* **WHAT NEEDS TO BE DONE**: Whenever a line in the entries includes the word "Charis", copy that line out.

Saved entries
━━━━━━━━━━━━━━━━━━━━━━━━━━━━━━

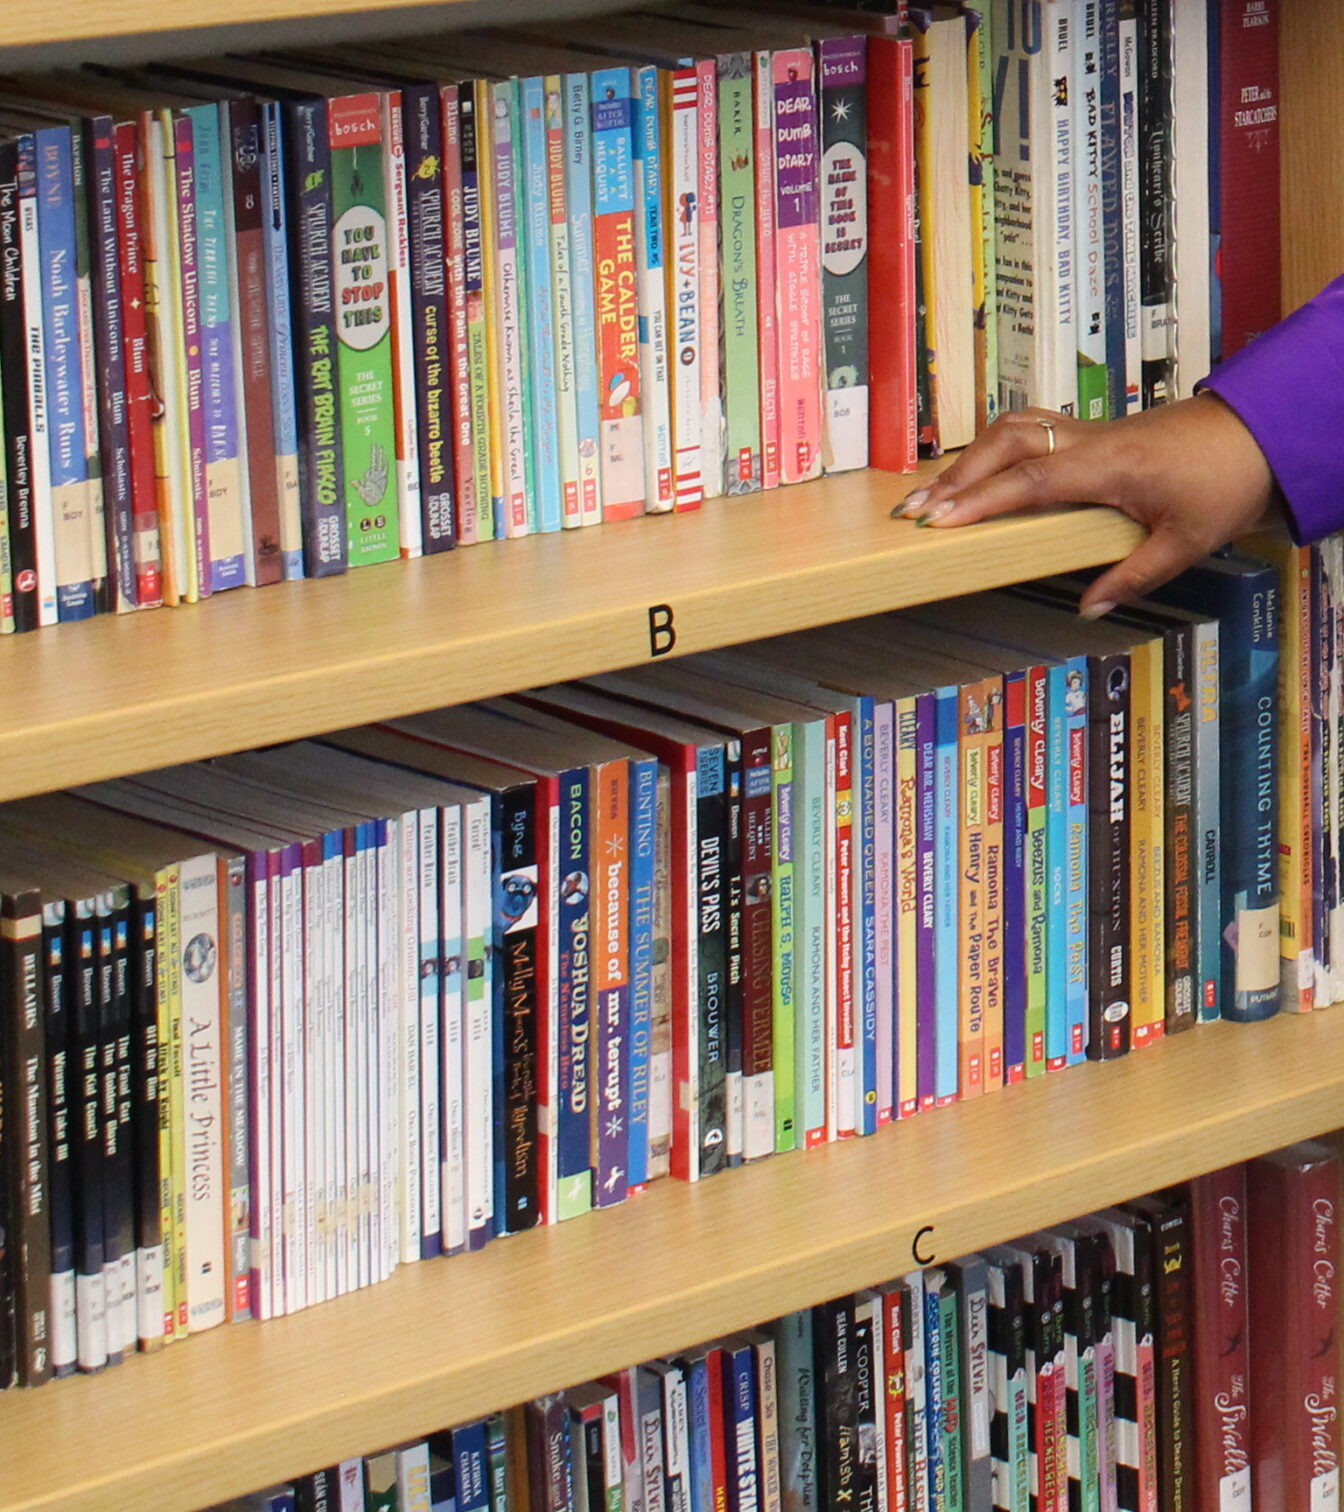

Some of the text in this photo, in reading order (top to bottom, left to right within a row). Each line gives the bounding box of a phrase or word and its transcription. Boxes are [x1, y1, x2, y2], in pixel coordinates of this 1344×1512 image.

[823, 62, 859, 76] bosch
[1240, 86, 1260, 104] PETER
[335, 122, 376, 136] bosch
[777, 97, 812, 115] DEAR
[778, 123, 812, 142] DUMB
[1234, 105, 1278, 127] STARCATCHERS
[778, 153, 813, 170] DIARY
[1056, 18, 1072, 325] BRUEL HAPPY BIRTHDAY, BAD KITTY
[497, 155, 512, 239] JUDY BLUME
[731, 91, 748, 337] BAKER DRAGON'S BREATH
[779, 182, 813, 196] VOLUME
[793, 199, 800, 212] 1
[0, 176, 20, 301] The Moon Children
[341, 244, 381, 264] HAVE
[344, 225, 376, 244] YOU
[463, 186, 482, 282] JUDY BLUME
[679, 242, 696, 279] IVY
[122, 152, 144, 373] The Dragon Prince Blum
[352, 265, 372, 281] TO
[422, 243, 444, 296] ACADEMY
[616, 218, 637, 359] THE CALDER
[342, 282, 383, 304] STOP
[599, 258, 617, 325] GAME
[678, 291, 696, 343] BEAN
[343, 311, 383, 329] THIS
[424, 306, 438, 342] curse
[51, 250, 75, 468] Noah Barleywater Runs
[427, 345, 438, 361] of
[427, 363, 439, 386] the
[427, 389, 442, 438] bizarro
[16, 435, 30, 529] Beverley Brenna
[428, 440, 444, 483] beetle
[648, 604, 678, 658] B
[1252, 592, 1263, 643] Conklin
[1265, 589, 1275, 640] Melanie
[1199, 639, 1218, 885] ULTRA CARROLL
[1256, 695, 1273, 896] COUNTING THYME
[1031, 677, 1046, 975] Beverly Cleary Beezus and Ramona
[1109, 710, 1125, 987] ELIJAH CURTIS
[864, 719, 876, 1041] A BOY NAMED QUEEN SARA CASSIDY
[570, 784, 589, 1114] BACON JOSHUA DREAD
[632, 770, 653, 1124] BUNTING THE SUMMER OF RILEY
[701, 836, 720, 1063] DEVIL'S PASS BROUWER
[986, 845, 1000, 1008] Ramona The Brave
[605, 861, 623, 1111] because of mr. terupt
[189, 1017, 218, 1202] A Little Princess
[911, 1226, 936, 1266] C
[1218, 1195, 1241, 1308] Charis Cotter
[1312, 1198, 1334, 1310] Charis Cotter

━━━━━━━━━━━━━━━━━━━━━━━━━━━━━━

* **ANSWER TO THE EXERCISE**:
[1218, 1195, 1241, 1308] Charis Cotter
[1312, 1198, 1334, 1310] Charis Cotter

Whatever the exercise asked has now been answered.